Task statement:
Make an exact copy of all the entries, with the pictures left out.

[Phrase grounding data]
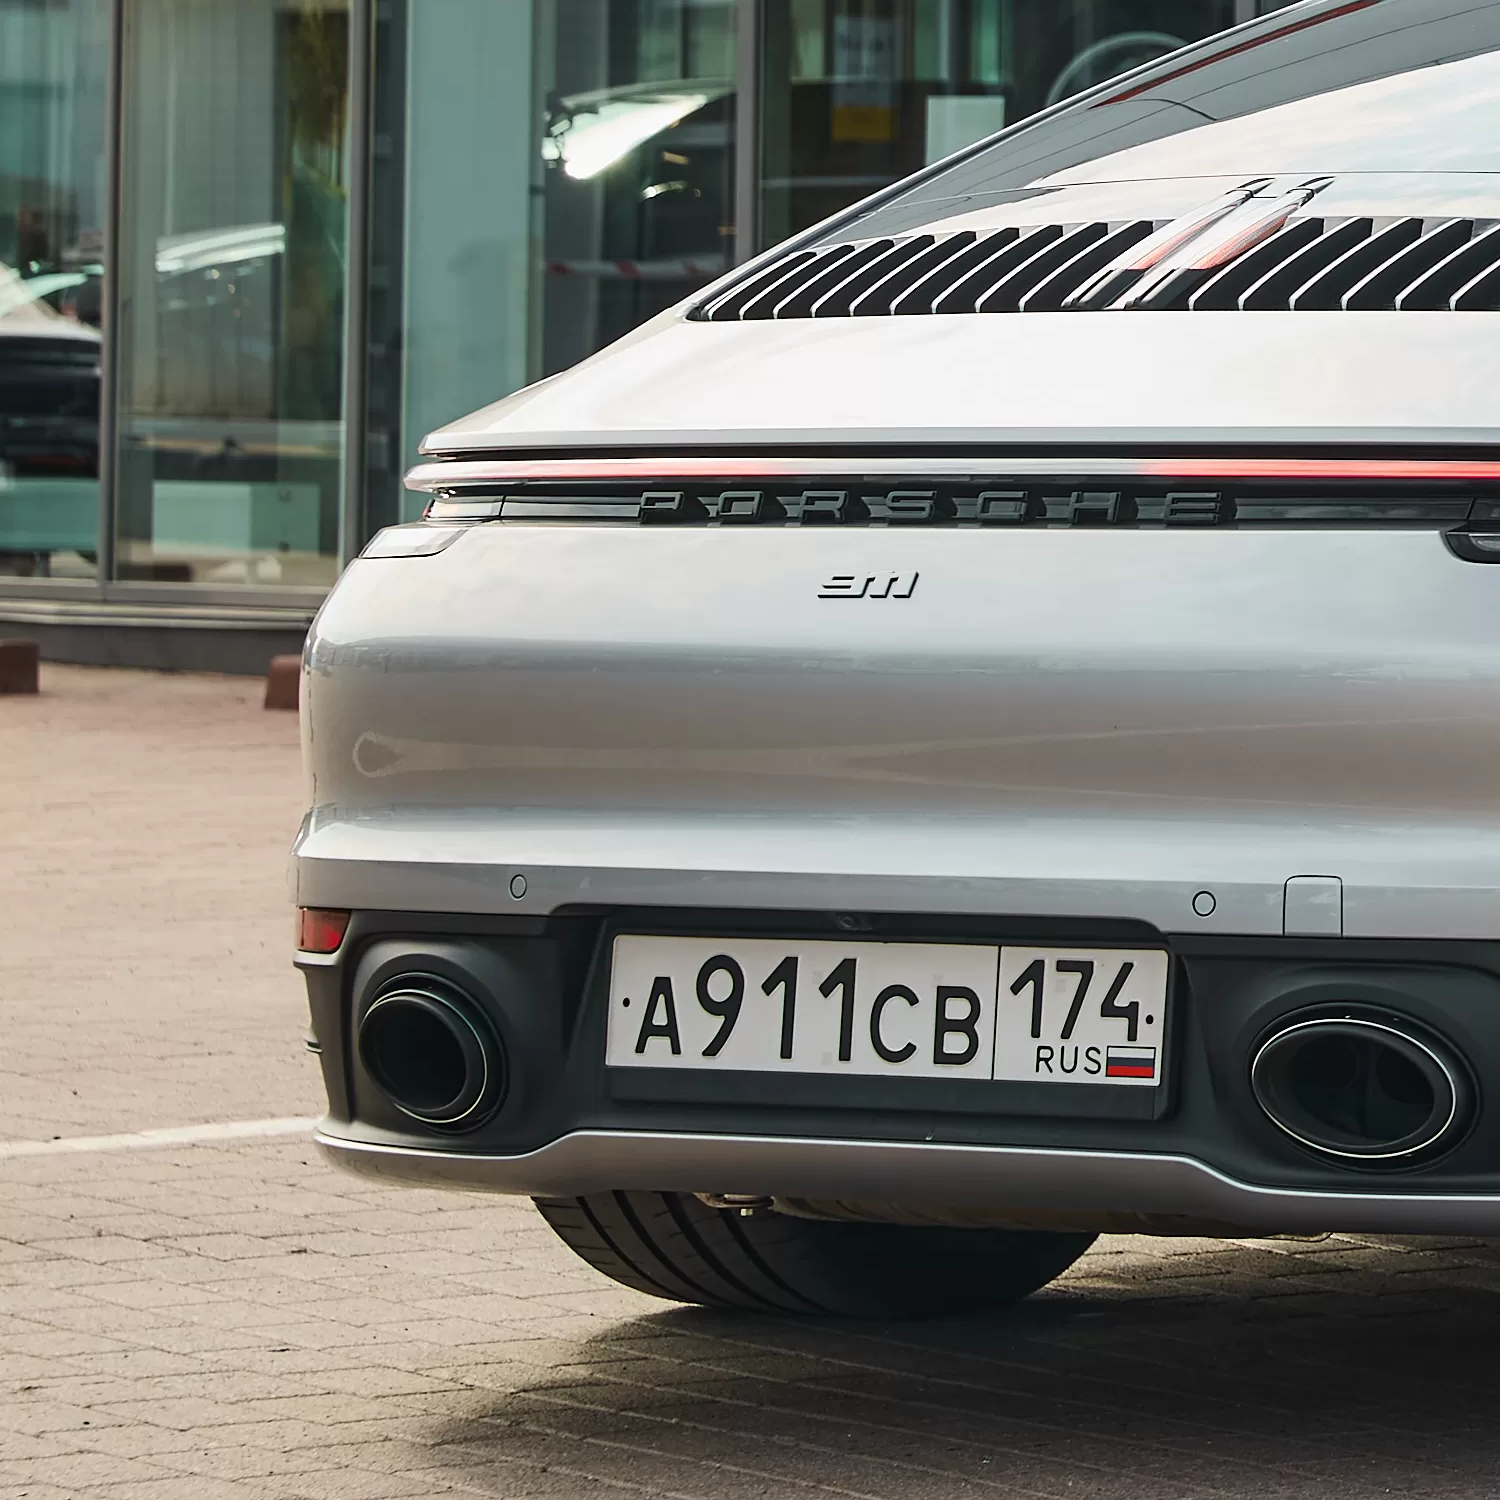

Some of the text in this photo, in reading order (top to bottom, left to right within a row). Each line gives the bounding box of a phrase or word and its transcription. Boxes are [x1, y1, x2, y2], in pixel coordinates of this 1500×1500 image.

[640, 490, 1222, 525] PORSCHE
[817, 569, 920, 599] 911
[1010, 959, 1139, 1041] 174
[1035, 1046, 1102, 1075] RUS

Exercise output:
Some of the text in this photo, in reading order (top to bottom, left to right within a row). Each line gives the bounding box of a phrase or word and its transcription. Boxes are [x1, y1, x2, y2], in pixel coordinates of this 1500×1500 image.

[640, 490, 1222, 525] PORSCHE
[817, 569, 920, 599] 911
[1010, 959, 1139, 1041] 174
[1035, 1046, 1102, 1075] RUS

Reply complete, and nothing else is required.